The reply is a verbatim copy of the listing below with its images dropped.

----------

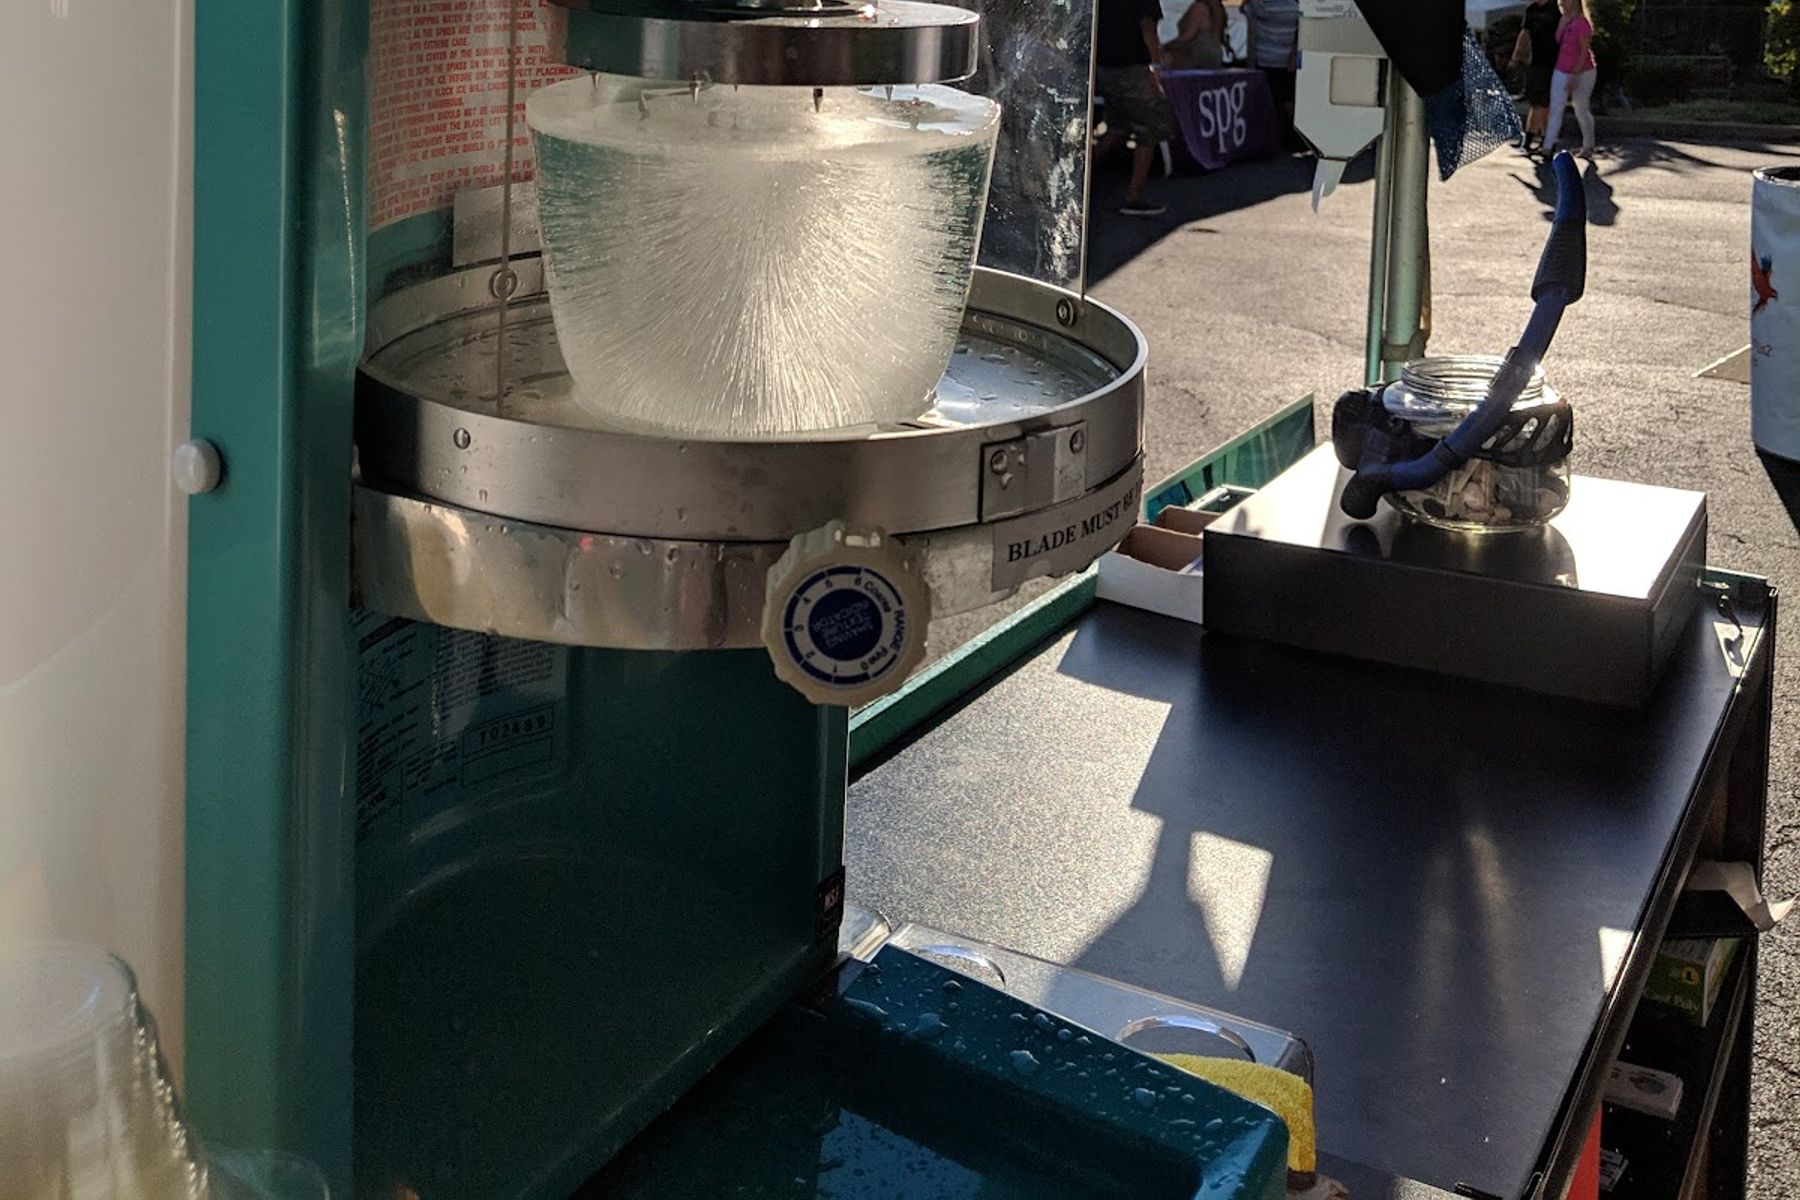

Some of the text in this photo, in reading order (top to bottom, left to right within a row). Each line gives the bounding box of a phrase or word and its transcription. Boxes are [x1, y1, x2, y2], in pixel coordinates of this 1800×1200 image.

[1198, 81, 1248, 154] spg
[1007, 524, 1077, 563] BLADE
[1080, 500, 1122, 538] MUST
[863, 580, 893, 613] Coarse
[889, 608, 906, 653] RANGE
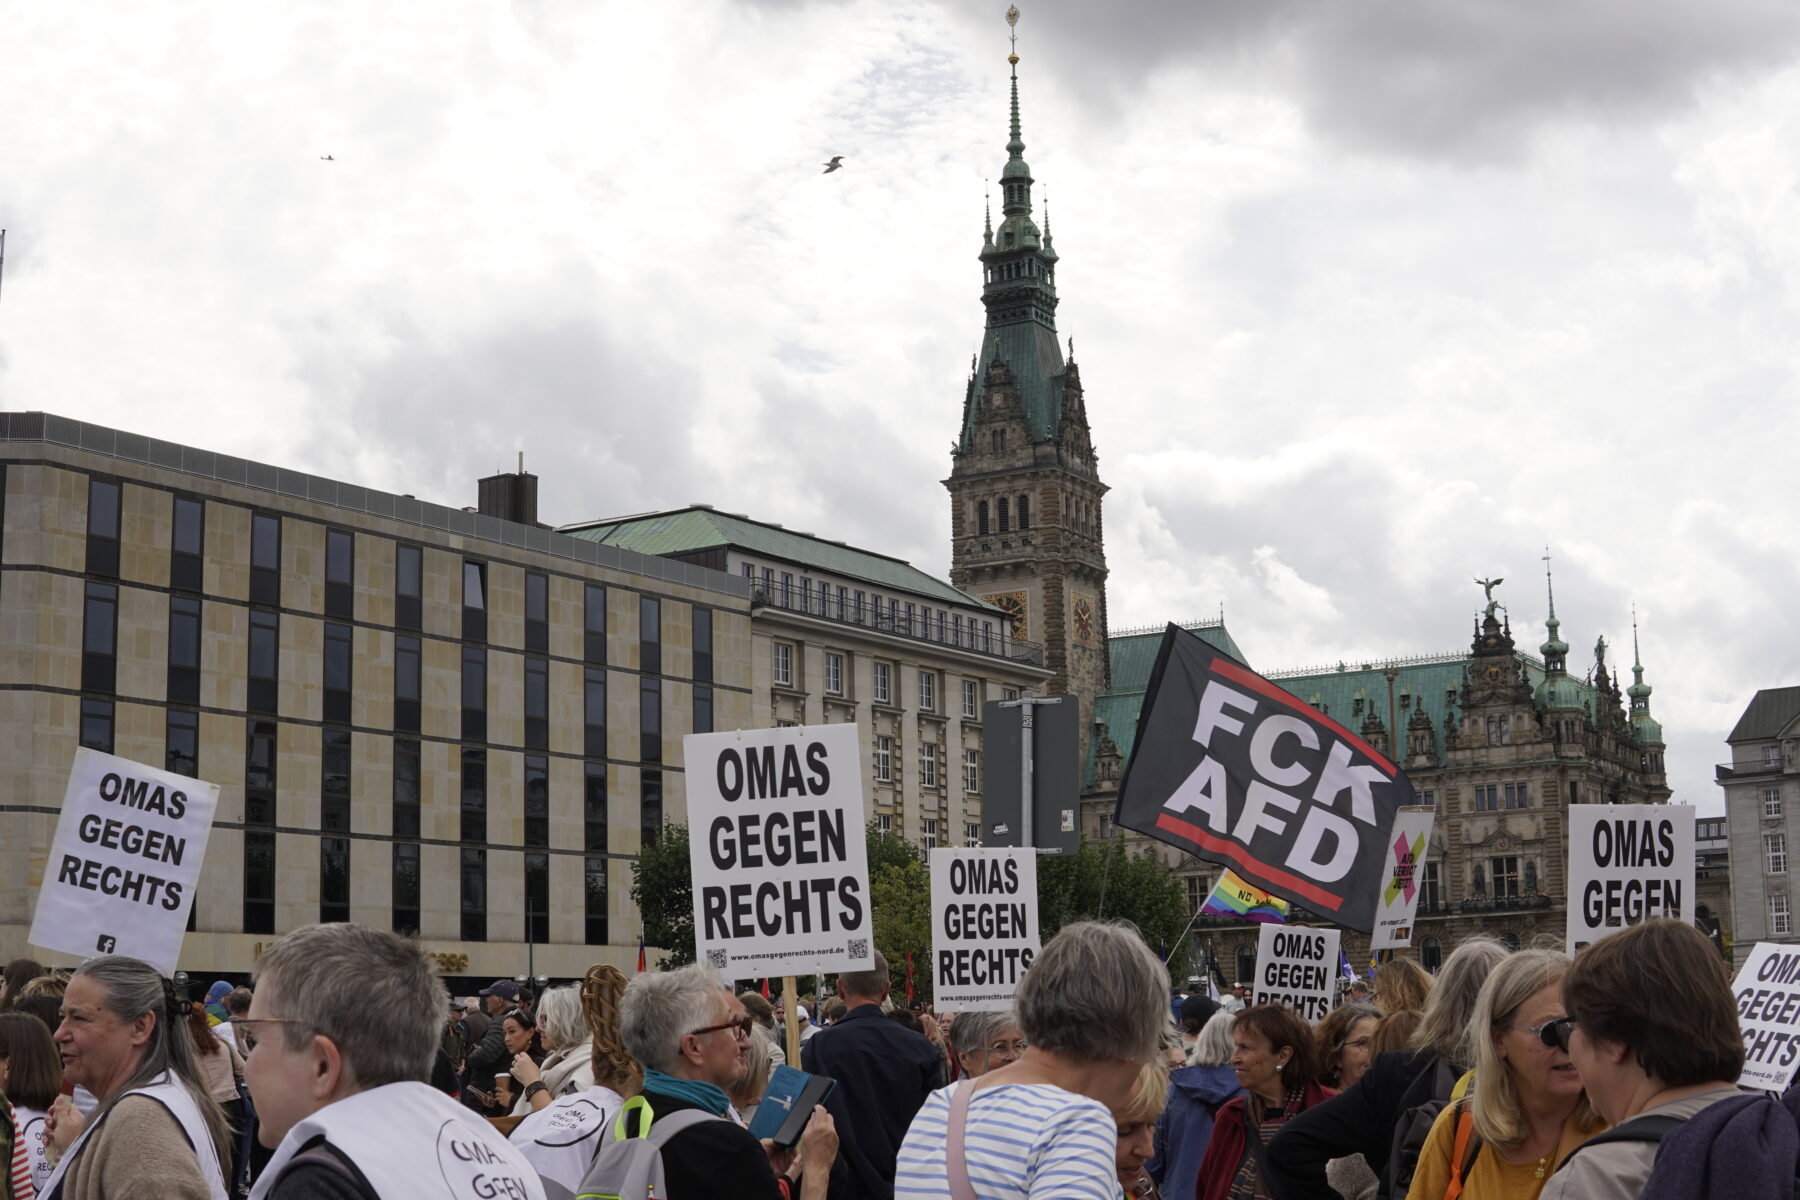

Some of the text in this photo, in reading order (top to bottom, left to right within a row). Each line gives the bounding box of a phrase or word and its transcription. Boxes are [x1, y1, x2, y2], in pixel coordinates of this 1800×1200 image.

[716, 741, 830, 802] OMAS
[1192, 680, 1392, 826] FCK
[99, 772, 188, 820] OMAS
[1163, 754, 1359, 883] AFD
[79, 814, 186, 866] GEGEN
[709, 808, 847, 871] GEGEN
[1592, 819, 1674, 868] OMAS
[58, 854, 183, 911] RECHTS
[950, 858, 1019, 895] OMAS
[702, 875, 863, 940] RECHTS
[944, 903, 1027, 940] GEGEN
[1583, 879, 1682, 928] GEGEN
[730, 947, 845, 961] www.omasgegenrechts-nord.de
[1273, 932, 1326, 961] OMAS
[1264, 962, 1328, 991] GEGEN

----------

## Answer
Some of the text in this photo, in reading order (top to bottom, left to right within a row). Each line gives the bounding box of a phrase or word and its transcription. Boxes are [x1, y1, x2, y2], in pixel coordinates of this 1800×1200 image.

[1198, 81, 1248, 154] spg
[1007, 524, 1077, 563] BLADE
[1080, 500, 1122, 538] MUST
[863, 580, 893, 613] Coarse
[889, 608, 906, 653] RANGE

Some of the text in this photo, in reading order (top to bottom, left to right within a row). Each line gives the bounding box of a phrase or word and its transcription. Boxes are [x1, y1, x2, y2], in pixel coordinates of this 1800×1200 image.

[716, 741, 830, 802] OMAS
[1192, 680, 1392, 826] FCK
[99, 772, 188, 820] OMAS
[1163, 754, 1359, 883] AFD
[79, 814, 186, 866] GEGEN
[709, 808, 847, 871] GEGEN
[1592, 819, 1674, 868] OMAS
[58, 854, 183, 911] RECHTS
[950, 858, 1019, 895] OMAS
[702, 875, 863, 940] RECHTS
[944, 903, 1027, 940] GEGEN
[1583, 879, 1682, 928] GEGEN
[730, 947, 845, 961] www.omasgegenrechts-nord.de
[1273, 932, 1326, 961] OMAS
[1264, 962, 1328, 991] GEGEN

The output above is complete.